• Assignment
If a line in the data below holds the word "MAÑANA", copy it.

Stored items:
Segment Open
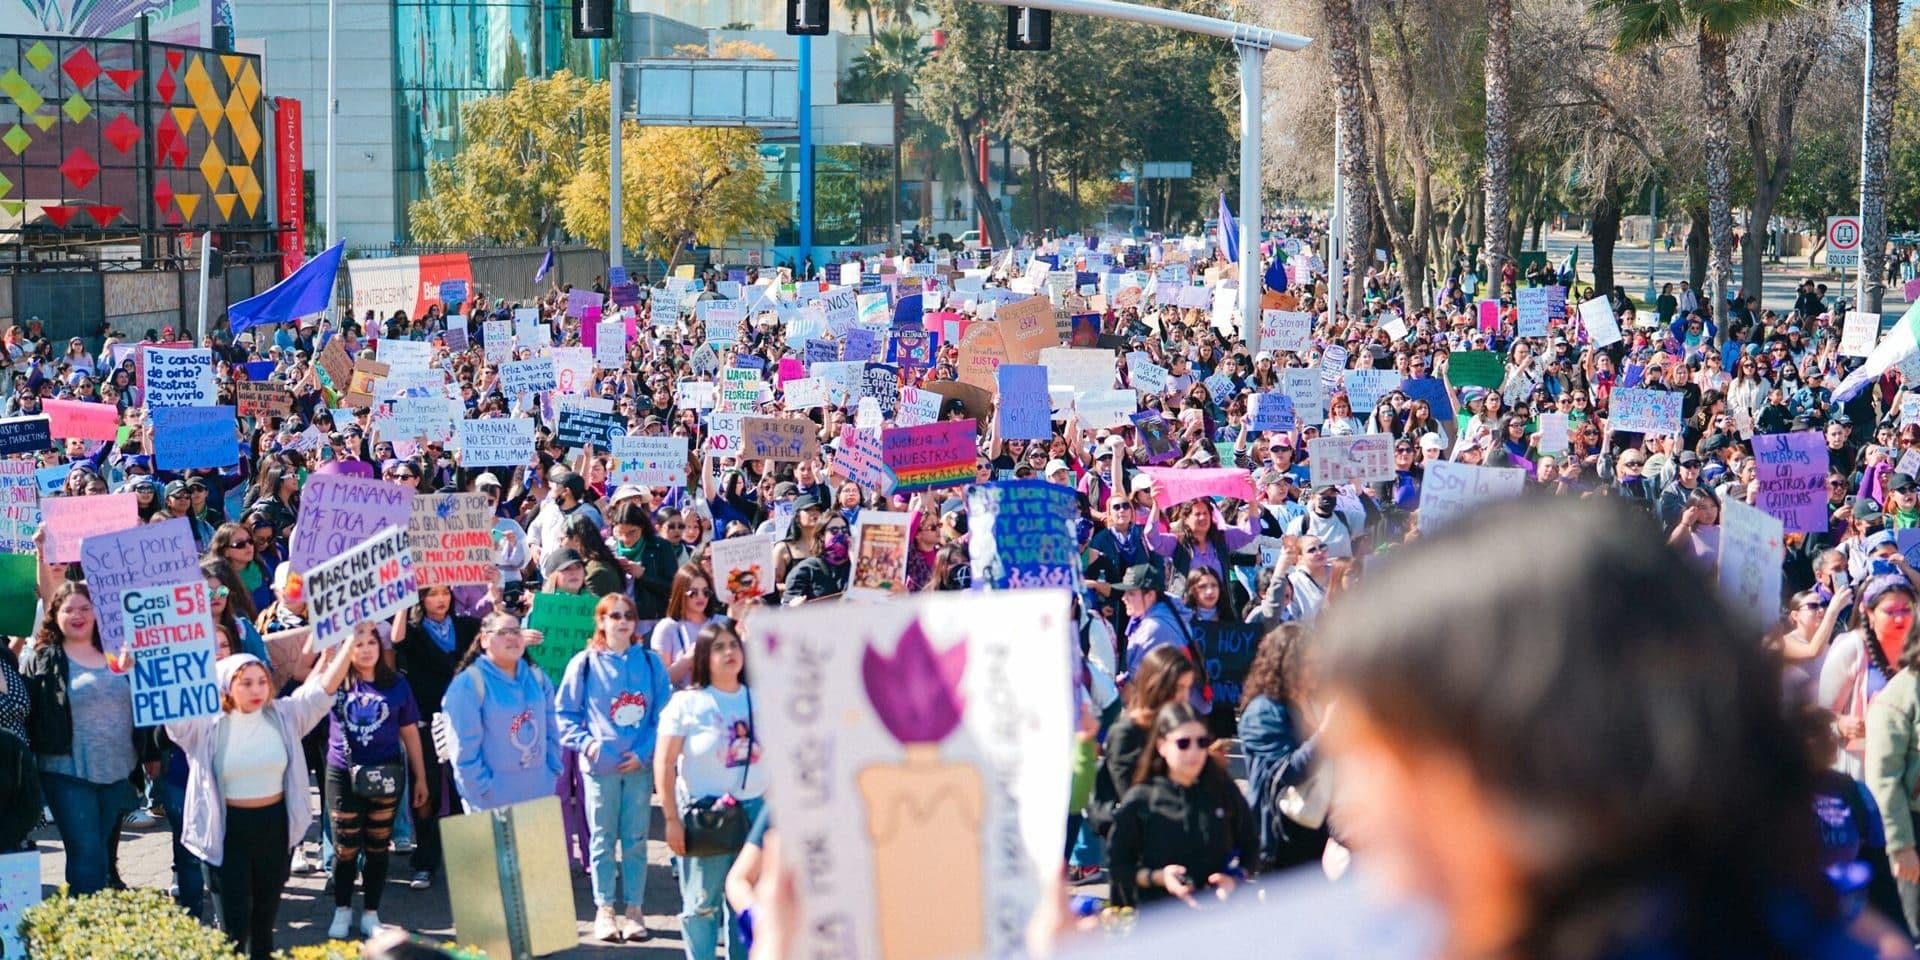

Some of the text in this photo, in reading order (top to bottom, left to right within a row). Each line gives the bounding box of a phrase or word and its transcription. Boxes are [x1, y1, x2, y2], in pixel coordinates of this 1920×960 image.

[288, 107, 298, 235] INTERCERAMIC
[1829, 255, 1845, 264] SOLO
[1264, 328, 1276, 338] NO
[147, 351, 210, 365] Te cansas
[148, 367, 162, 378] de
[863, 370, 897, 382] SOMOS
[1137, 361, 1164, 376] JUSTICE
[147, 379, 196, 390] Nosotras
[737, 380, 743, 389] A
[872, 379, 896, 390] GRITO
[1137, 374, 1160, 387] WOMAN
[148, 390, 203, 400] de vivirlo
[861, 385, 896, 396] DE LAS
[903, 388, 918, 405] NO
[733, 401, 738, 410] Y
[464, 420, 518, 432] SI MAÑANA
[9, 432, 47, 445] MARKETING
[466, 435, 478, 445] NO
[709, 434, 728, 450] NO
[889, 434, 932, 450] Justicia
[942, 431, 950, 443] X
[1776, 435, 1789, 450] SI
[464, 449, 528, 460] A MIS ALUMNA
[892, 448, 959, 466] NUESTRXS
[1760, 450, 1810, 465] MIRARAS
[899, 463, 974, 484] HERMANXS
[1428, 464, 1466, 494] Soy
[309, 481, 402, 506] SI MAÑANA
[466, 495, 488, 511] POR
[301, 506, 388, 534] ME TOCA A
[409, 517, 420, 531] AS
[409, 531, 492, 550] AMOS CALLADAS
[86, 535, 184, 573] Se te pone
[412, 551, 423, 563] OR
[425, 551, 465, 562] MIEDO
[476, 549, 491, 561] SER
[308, 532, 410, 597] MARCHO POR LA
[87, 566, 139, 591] grande
[414, 563, 489, 587] SESINADAS
[313, 558, 399, 616] VEZ QUE NO
[123, 587, 195, 616] Casi 5
[316, 576, 418, 640] ME CREYERON
[131, 623, 205, 650] JUSTICIA
[1218, 630, 1255, 655] HOY
[134, 647, 171, 660] para
[134, 650, 212, 690] NERY
[134, 682, 220, 724] PELAYO
Segment Closed
• Response
[464, 420, 518, 432] SI MAÑANA
[309, 481, 402, 506] SI MAÑANA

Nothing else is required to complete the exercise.